Position paper: Compound documents

The W3C Workshop on Web Applications and Compound Documents

Olli Pettay, Olli.Pettay@nokia.com

The evolution of XML-based markup languages has led to the situation where it might be necessary to mix them in one single document. The concept of modularization using separate XML name spaces has been introduced recently, but currently this is utilized quite seldom in the WWW because either the browsers (or other programs) do not support anything else than one type of content (e.g.: (X)HTML) or the way these languages are combined is very implementation-dependent. These pose a need for a standardized method for authoring such mixed language documents.

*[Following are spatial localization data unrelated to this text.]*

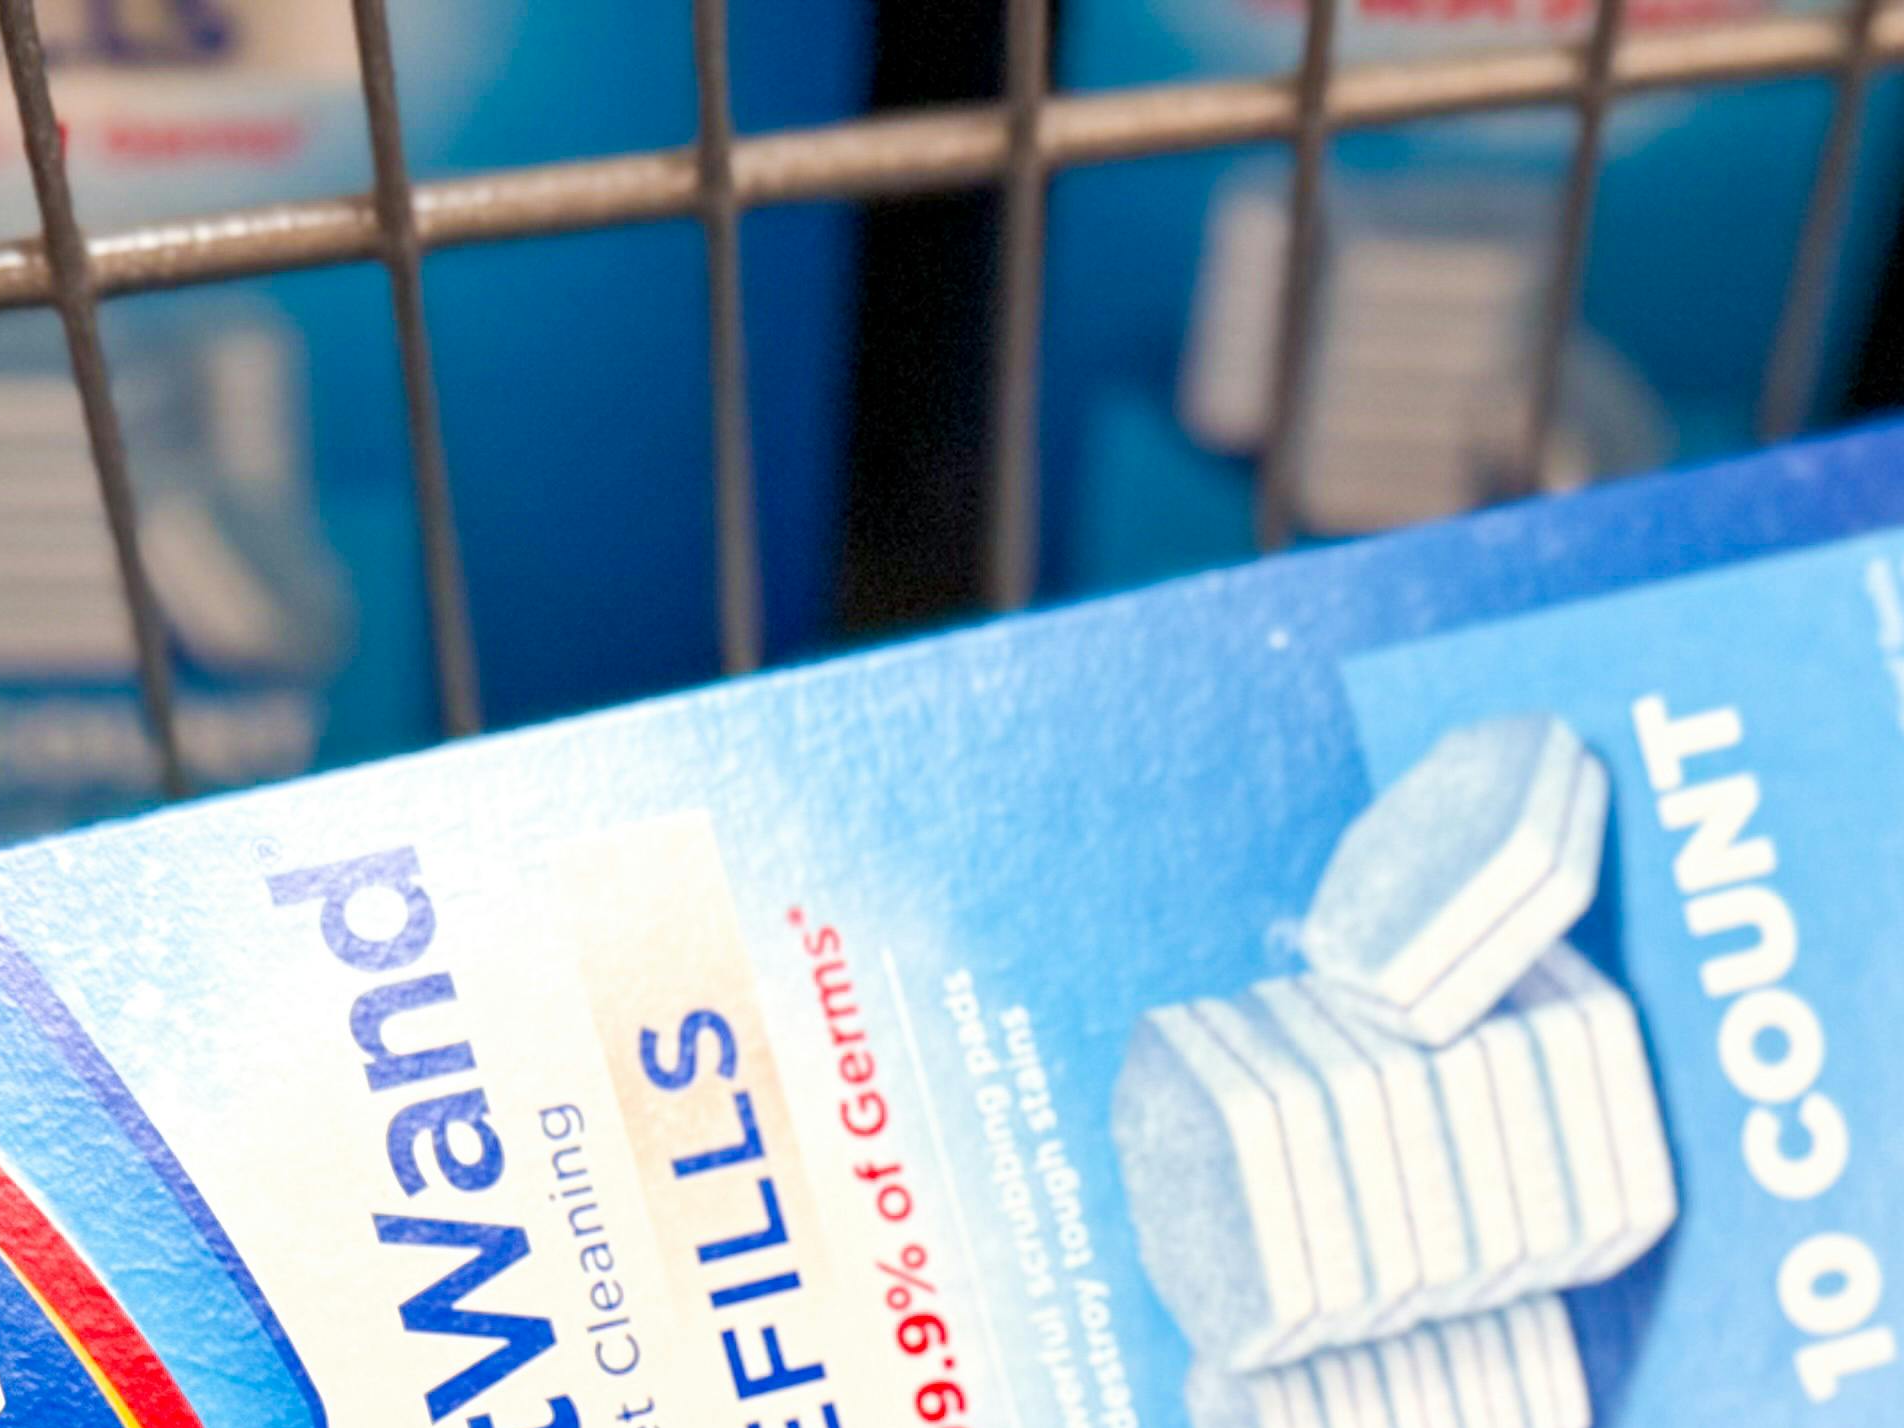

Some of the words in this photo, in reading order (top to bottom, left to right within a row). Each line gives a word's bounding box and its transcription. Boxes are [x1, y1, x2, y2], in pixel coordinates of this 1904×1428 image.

[1632, 694, 1850, 1200] COUNT
[943, 968, 1000, 1081] pads
[998, 1004, 1057, 1134] stains
[538, 1102, 641, 1376] Cleaning
[853, 1162, 913, 1222] of
[974, 1083, 1056, 1299] scrubbing
[1030, 1139, 1093, 1270] tough
[1778, 1232, 1897, 1402] 10
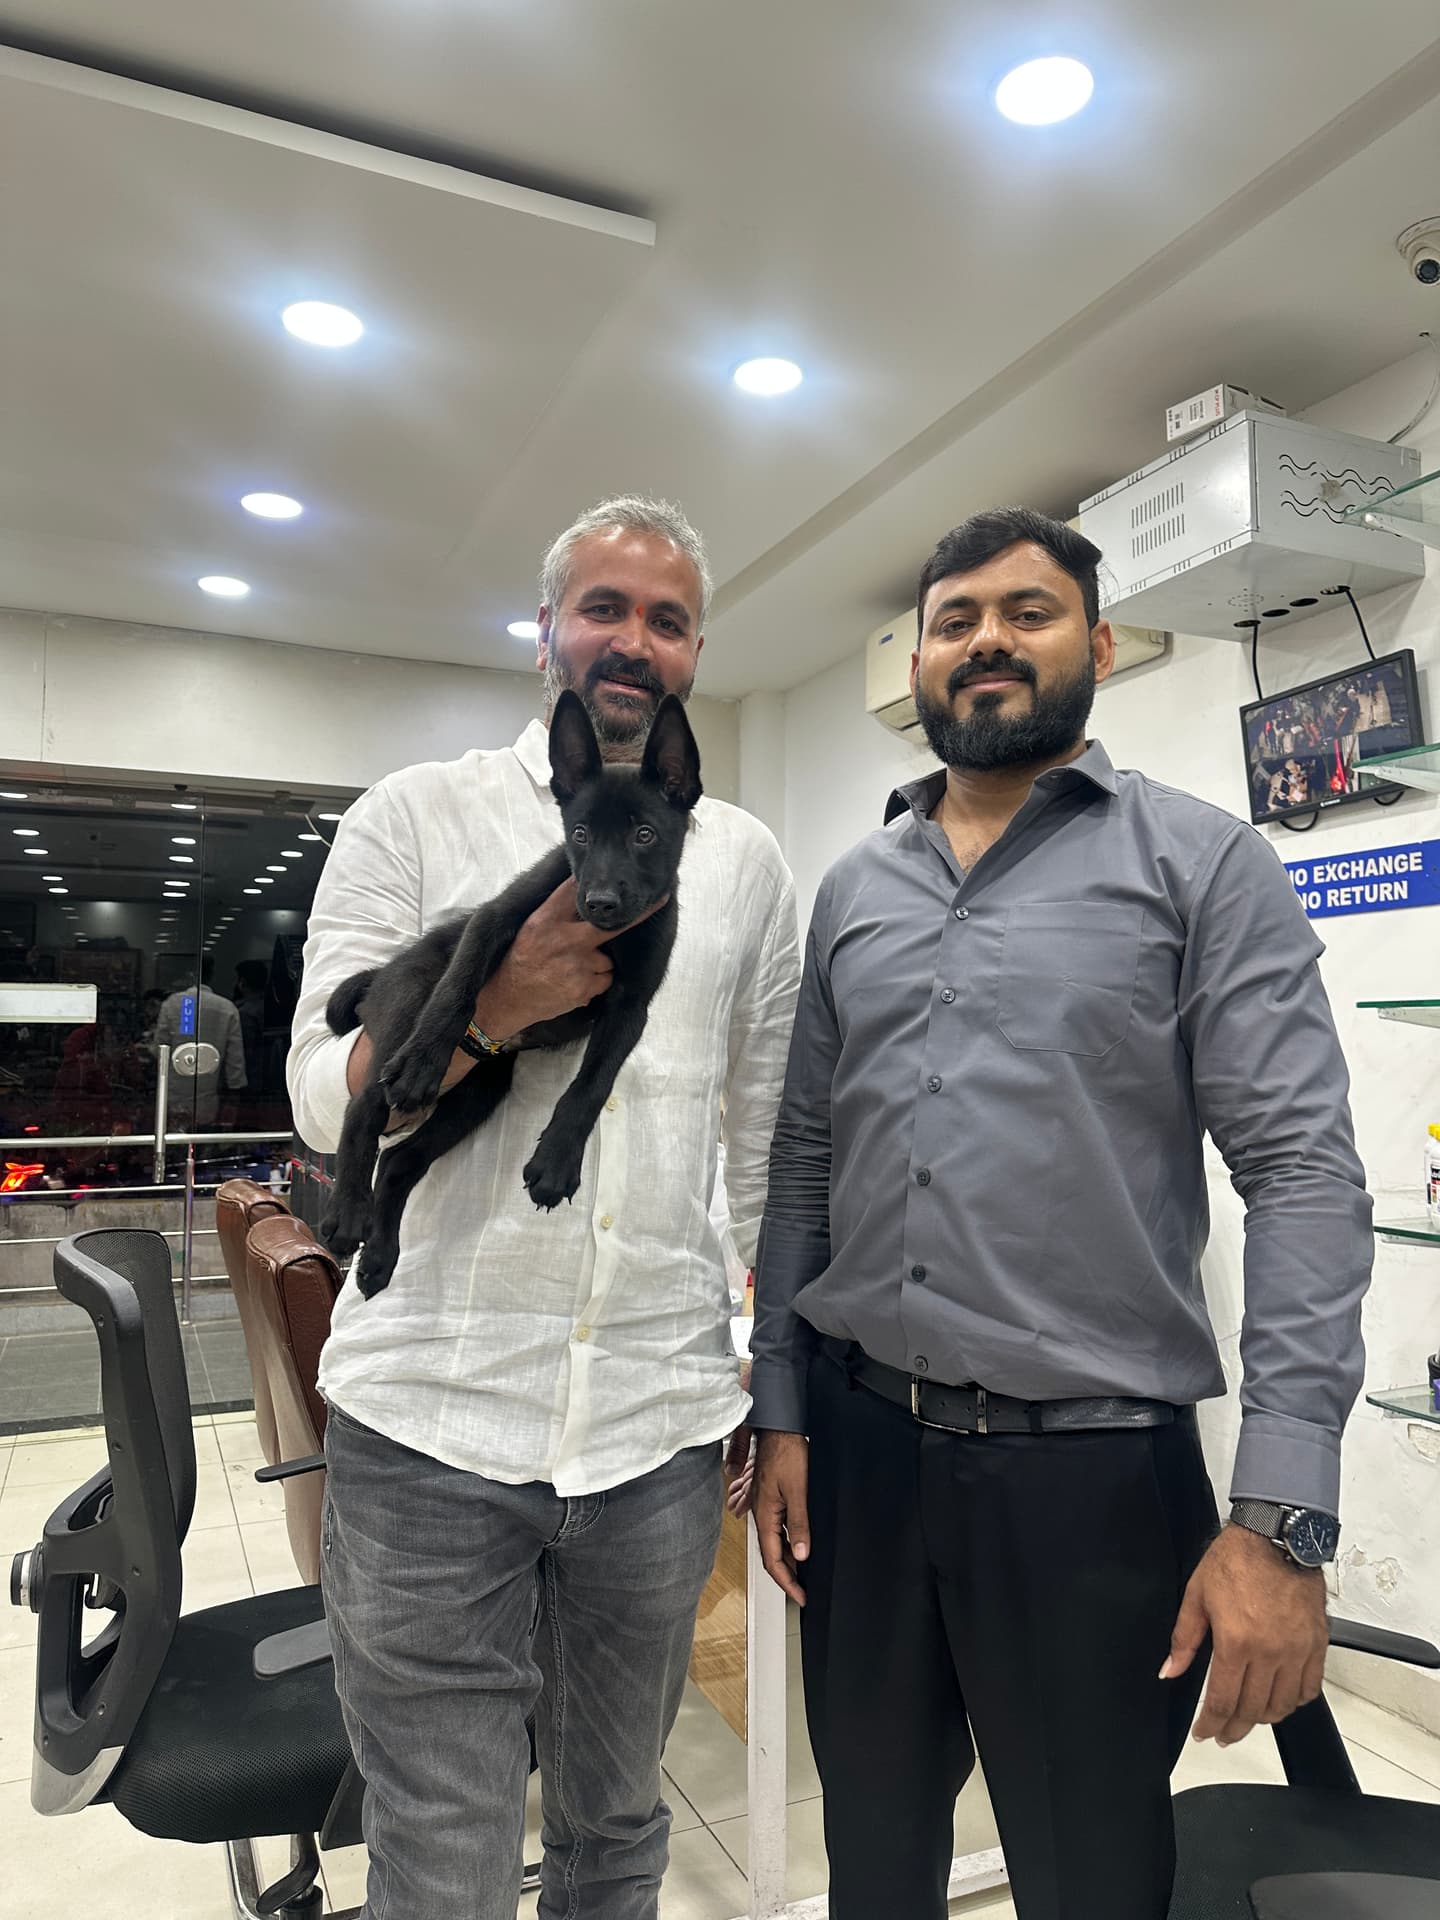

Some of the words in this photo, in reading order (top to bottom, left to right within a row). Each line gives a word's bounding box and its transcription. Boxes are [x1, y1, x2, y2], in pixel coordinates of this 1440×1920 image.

[1313, 851, 1423, 884] EXCHANGE
[1297, 891, 1321, 910] NO
[1327, 880, 1408, 907] RETURN
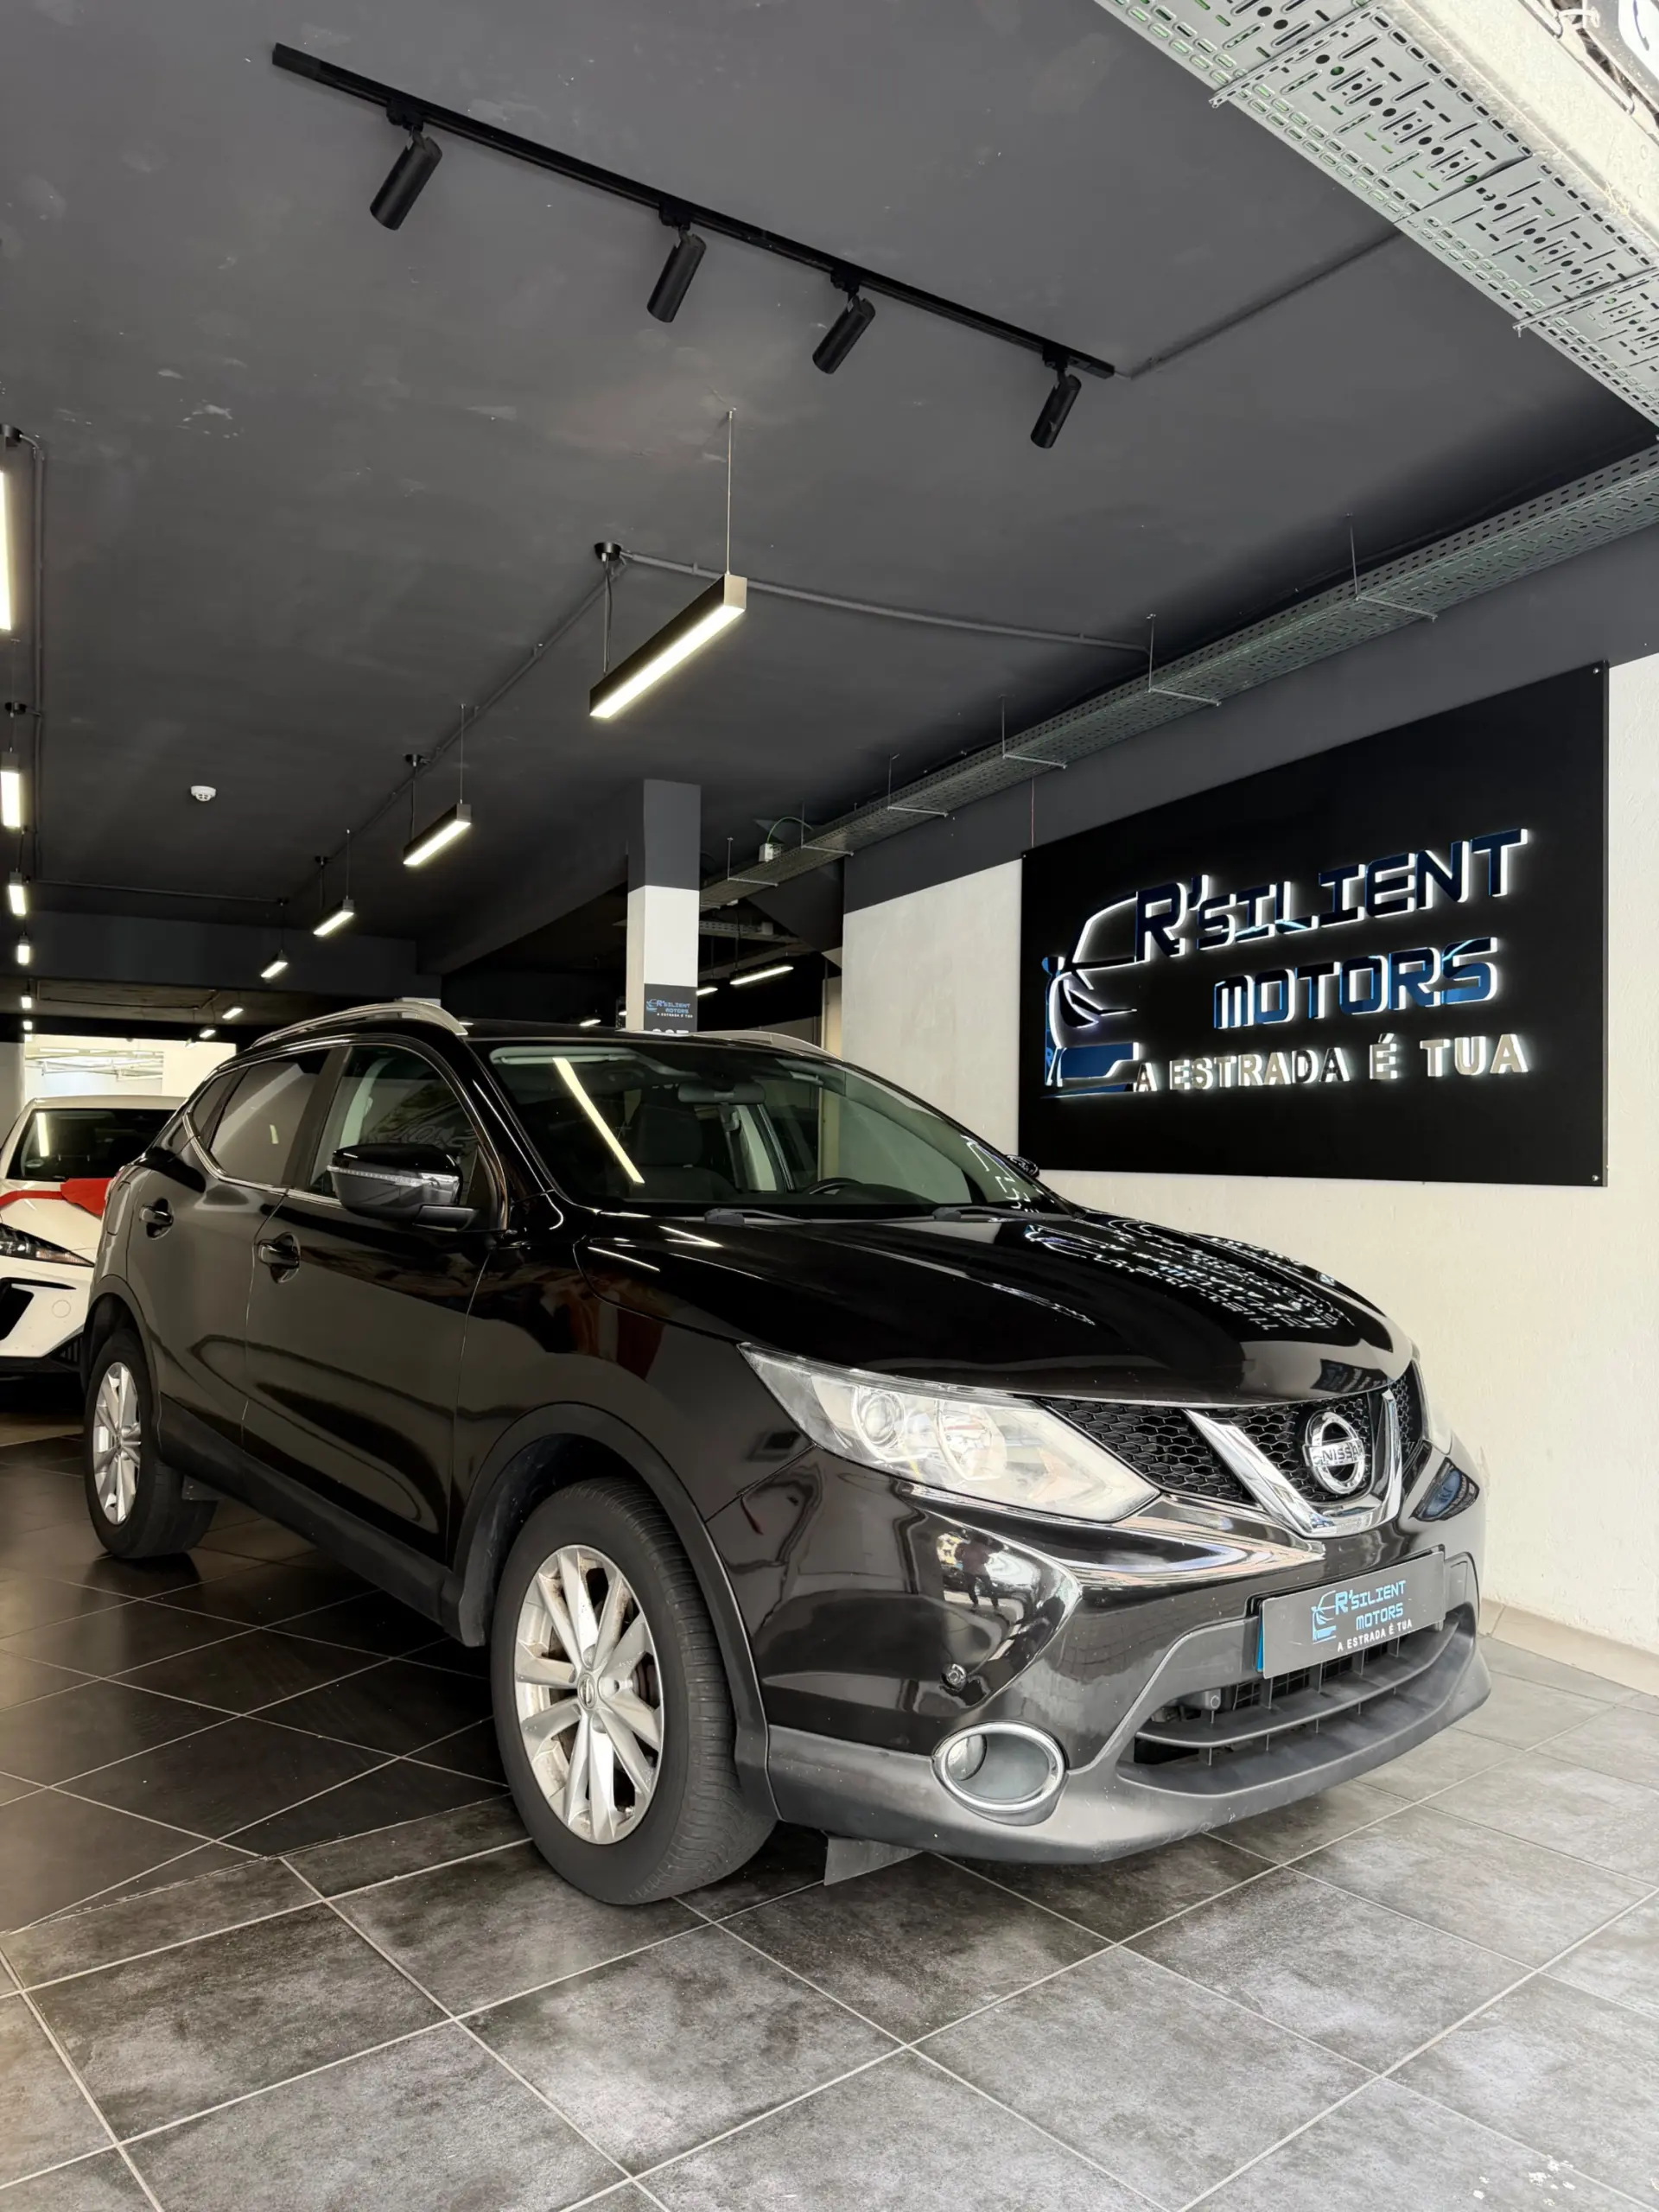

Two cases, standardized technologies and application specific languages

There are (at least) two different kinds of situations where the need for multiple languages within the same document arises. One is related to the W3C standards, how to combine existing standards for example XHTML, VoiceXML or XForms and XML Events, so that the specifications of the individual languages need not to be altered significantly, and also so that the implementations of each specific language can handle this kind of new combination reasonable easily.

To combine standardized languages there should be very specifically defined profiles regarding how to mix the languages. This is not only necessary to achieve interoperability between implementations, but it also makes it easier to add the support for new languages into the existing language engines (browsers). This would also play part in speeding up the adoption of the new languages. What these profiles should define depends on the languages they are mixing: syntax, processing model, layout model etc.

The second case is to support application specific languages. There might be cases where the content author will want to create new application specific behavior. In this case it could be possible to use XBL-like approaches where the binding language allows the content author to hide some part of the implementation of the application logic or behavior. In addition this also allows content authors reuse some common data and it makes it easier to maintain the application.

Currently browsers use their own binding languages. Even though there are some wrappers from one language to another, interoperability can best be achieved through standardization. One potential problem here is whether or not it is possible to create a binding language, which could be used with all or at least most of the markup languages.

Problems

What happens if the browser does not support some specific language in a document? Should it just reject such a page, or should it make its best effort to do whatever it can or should there be a common way to handle this kind of error situation via a fallback system?